***** Extracted records

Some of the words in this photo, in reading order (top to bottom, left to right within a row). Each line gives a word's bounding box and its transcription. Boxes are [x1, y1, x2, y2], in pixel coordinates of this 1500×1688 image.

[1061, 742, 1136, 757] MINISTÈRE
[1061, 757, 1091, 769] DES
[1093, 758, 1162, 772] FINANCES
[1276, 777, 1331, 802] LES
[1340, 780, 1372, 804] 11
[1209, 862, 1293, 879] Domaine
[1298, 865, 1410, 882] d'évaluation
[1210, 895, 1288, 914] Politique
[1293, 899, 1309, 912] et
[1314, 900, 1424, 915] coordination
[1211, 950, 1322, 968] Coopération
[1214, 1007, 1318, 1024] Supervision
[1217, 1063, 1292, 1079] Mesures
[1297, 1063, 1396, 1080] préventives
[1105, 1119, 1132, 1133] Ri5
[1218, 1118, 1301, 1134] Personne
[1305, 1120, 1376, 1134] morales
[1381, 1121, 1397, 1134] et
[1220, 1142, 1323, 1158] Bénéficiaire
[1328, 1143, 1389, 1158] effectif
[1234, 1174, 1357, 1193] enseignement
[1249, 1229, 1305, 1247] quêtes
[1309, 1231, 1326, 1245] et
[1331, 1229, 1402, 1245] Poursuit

**********

Every entry must appear again in the answer, exactly as written.

Some of the words in this photo, in reading order (top to bottom, left to right within a row). Each line gives a word's bounding box and its transcription. Boxes are [x1, y1, x2, y2], in pixel coordinates of this 1500×1688 image.

[1061, 742, 1136, 757] MINISTÈRE
[1061, 757, 1091, 769] DES
[1093, 758, 1162, 772] FINANCES
[1276, 777, 1331, 802] LES
[1340, 780, 1372, 804] 11
[1209, 862, 1293, 879] Domaine
[1298, 865, 1410, 882] d'évaluation
[1210, 895, 1288, 914] Politique
[1293, 899, 1309, 912] et
[1314, 900, 1424, 915] coordination
[1211, 950, 1322, 968] Coopération
[1214, 1007, 1318, 1024] Supervision
[1217, 1063, 1292, 1079] Mesures
[1297, 1063, 1396, 1080] préventives
[1105, 1119, 1132, 1133] Ri5
[1218, 1118, 1301, 1134] Personne
[1305, 1120, 1376, 1134] morales
[1381, 1121, 1397, 1134] et
[1220, 1142, 1323, 1158] Bénéficiaire
[1328, 1143, 1389, 1158] effectif
[1234, 1174, 1357, 1193] enseignement
[1249, 1229, 1305, 1247] quêtes
[1309, 1231, 1326, 1245] et
[1331, 1229, 1402, 1245] Poursuit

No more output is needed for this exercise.